Insertion Of Needle And/or Tube Into Hemodialysis Circuit And Balloon Dilation Of Dialysis Segment With Review By Radiologist in Maryland
Estimated using RAND 2024 commercial-to-Medicare ratios. Actual prices vary by insurer, plan, and facility.
Top Providers in Maryland
| Provider | Medicare | Services |
|---|---|---|
| American Access Care Of Baltimore... | $1,763.76 | 320 |
| Dialysis Access Services, Llc | $1,757.80 | 225 |
| Metropolitan Vascular Institute Llc | $1,798.12 | 223 |
| Yu, William MD | $181.62 | 217 |
| Dialysis Access Services, Llc | $1,743.08 | 131 |
| Yu, William MD | $913.21 | 127 |
Maryland Pricing in Context
In Maryland, CPT code 36902 (Insertion Of Needle And/or Tube Into Hemodialysis Circuit And Balloon Dilation Of Dialysis Segment With Review By Radiologist) carries an average Medicare payment of $867.49 — 10% above the national benchmark of $785.70. 131 providers across the state submitted claims for this procedure in 2023, performing 3.6K total services. Individual payments in MD ranged from N/A at the low end to N/A at the high end, reflecting differences in provider setting (office vs. facility), modifiers, and the specific geographic locality code applied within the state.
The average billed charge in Maryland is $2,969.52, which is the figure uninsured patients would most likely encounter before any negotiation or charity discount. Medicare, by statute, only reimburses the allowed amount — the balance between billed and paid is written off under provider participation agreements. Insured patients generally pay a negotiated rate that falls between these two figures; the exact amount depends on plan design, deductible status, and in-network participation. Because Maryland sits above the national Medicare average, commercial rates in the state may also run higher than the US median.
Using RAND 2024 commercial-to-Medicare ratios for Cardiovascular Surgery procedures, the estimated commercial insurance price in Maryland lands near $2,191.57, with self-pay cash prices typically around $1,638.46. Before scheduling, patients can request a Good Faith Estimate under the No Surprises Act, compare cash rates from hospital Machine-Readable Files, and confirm whether the provider is in-network with their specific plan.

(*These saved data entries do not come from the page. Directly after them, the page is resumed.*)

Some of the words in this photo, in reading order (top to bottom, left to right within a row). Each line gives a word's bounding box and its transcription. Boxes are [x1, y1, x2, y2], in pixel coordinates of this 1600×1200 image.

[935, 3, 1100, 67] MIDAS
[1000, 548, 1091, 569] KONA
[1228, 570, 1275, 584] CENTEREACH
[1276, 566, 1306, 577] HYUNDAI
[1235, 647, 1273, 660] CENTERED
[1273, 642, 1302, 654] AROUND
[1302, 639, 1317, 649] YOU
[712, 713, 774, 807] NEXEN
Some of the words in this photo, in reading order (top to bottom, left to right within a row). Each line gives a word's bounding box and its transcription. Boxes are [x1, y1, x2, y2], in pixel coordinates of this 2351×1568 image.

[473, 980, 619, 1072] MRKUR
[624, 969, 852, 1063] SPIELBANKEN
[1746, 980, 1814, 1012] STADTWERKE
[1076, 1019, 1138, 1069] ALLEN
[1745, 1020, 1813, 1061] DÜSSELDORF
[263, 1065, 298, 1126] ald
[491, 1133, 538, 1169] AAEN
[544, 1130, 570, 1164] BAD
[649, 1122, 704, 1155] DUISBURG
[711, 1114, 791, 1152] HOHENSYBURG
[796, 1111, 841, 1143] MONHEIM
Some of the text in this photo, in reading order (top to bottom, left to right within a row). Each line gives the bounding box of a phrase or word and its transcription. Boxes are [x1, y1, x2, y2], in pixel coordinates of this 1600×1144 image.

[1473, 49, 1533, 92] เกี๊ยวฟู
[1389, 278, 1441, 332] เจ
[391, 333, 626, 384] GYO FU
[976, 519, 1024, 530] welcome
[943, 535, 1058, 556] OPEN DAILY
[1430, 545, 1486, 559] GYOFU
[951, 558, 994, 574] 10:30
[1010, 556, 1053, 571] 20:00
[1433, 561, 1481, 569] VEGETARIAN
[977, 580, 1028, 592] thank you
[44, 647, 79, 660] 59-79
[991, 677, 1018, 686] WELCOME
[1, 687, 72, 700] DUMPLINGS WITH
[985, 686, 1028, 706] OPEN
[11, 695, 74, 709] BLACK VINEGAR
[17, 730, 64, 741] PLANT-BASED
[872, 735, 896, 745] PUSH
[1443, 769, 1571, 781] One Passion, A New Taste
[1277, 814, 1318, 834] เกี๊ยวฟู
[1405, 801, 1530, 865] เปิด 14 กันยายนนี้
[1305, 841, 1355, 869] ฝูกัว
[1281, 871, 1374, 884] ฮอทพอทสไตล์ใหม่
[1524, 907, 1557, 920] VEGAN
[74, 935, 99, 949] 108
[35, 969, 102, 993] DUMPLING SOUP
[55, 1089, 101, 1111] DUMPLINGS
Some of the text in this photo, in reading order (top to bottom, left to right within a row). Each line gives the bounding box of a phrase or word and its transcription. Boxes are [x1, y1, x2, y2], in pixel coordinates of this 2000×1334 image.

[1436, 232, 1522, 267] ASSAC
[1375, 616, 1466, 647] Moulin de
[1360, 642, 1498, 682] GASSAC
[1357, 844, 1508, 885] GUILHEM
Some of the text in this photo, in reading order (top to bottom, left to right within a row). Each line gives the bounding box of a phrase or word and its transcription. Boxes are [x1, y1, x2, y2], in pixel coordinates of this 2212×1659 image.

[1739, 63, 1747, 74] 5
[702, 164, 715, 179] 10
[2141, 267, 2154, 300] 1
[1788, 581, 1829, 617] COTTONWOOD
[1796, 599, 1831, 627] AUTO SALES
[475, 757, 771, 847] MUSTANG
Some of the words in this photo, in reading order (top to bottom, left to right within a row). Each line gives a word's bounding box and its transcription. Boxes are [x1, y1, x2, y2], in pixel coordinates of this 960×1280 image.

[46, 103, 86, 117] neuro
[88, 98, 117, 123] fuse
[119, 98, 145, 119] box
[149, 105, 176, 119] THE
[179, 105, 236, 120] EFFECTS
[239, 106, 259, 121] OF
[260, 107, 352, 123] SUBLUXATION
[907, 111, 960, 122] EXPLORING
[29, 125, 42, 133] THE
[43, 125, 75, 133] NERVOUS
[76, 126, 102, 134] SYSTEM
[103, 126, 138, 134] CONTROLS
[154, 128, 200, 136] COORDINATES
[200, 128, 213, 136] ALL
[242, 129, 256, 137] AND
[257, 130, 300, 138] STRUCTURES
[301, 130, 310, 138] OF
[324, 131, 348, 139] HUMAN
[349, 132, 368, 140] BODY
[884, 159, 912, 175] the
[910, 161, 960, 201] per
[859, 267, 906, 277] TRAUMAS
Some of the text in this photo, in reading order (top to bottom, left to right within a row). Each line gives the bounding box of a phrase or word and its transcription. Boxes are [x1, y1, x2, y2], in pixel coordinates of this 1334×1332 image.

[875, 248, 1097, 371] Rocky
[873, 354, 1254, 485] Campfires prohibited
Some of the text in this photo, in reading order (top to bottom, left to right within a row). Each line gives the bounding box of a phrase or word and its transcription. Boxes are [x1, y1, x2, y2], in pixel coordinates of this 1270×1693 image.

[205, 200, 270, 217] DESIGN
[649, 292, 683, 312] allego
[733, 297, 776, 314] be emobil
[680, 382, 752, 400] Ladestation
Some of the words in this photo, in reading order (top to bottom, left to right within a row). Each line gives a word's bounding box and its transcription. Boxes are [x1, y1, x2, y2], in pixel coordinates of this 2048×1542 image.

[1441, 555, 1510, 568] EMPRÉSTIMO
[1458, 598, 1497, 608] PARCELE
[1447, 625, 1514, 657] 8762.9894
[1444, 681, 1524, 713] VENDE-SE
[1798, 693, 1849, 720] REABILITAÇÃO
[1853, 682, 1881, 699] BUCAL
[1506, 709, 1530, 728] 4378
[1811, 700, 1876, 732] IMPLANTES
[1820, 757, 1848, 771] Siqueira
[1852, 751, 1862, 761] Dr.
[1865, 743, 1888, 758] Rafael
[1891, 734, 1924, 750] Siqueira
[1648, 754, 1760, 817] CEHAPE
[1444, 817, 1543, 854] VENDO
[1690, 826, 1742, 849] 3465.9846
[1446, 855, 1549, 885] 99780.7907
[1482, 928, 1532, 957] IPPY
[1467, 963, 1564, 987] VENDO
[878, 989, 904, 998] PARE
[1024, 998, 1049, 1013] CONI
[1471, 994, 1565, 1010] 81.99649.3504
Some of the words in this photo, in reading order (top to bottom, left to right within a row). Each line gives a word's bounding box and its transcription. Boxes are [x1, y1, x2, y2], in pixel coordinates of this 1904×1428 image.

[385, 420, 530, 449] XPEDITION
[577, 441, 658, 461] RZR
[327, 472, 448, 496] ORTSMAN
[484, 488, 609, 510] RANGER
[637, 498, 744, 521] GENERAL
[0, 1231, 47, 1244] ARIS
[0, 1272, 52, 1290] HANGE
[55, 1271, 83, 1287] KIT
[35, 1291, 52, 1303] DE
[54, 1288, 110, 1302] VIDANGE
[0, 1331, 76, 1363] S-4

This page presents CMS reference data for informational use; it does not constitute medical or financial advice.
Frequently Asked Questions
How much does Insertion Of Needle And/or Tube Into Hemodialysis Circuit And Balloon Dilation Of Dialysis Segment With Review By Radiologist cost in Maryland?
The average Medicare payment for Insertion Of Needle And/or Tube Into Hemodialysis Circuit And Balloon Dilation Of Dialysis Segment With Review By Radiologist in Maryland is $867.49, which is 10% above the national average of $785.70. Providers in MD typically bill $2,969.52 for this procedure.
What does Insertion Of Needle And/or Tube Into Hemodialysis Circuit And Balloon Dilation Of Dialysis Segment With Review By Radiologist cost with insurance in Maryland?
With commercial insurance in Maryland, Insertion Of Needle And/or Tube Into Hemodialysis Circuit And Balloon Dilation Of Dialysis Segment With Review By Radiologist costs an estimated $2,191.57. Without insurance, the estimated cash price is $1,638.46. These estimates are based on RAND 2024 commercial-to-Medicare ratios and vary by insurer, plan, and facility.
How many providers perform Insertion Of Needle And/or Tube Into Hemodialysis Circuit And Balloon Dilation Of Dialysis Segment With Review By Radiologist in Maryland?
131 providers in Maryland billed Medicare for Insertion Of Needle And/or Tube Into Hemodialysis Circuit And Balloon Dilation Of Dialysis Segment With Review By Radiologist in 2023, performing 3.6K total services. Medicare payments ranged from N/A to N/A depending on the provider.
Is Insertion Of Needle And/or Tube Into Hemodialysis Circuit And Balloon Dilation Of Dialysis Segment With Review By Radiologist cheaper in Maryland than the national average?
No — Insertion Of Needle And/or Tube Into Hemodialysis Circuit And Balloon Dilation Of Dialysis Segment With Review By Radiologist costs 10% above the national average in Maryland. The state average Medicare payment is $867.49 compared to $785.70 nationally. Factors like local cost of living, provider competition, and regional Medicare fee schedules all influence state-level pricing.
Related Guides
Related Data Sources
Data from CMS Medicare Physician & Other Practitioners (2023).
Read our methodology — how this data is sourced, computed, and verified.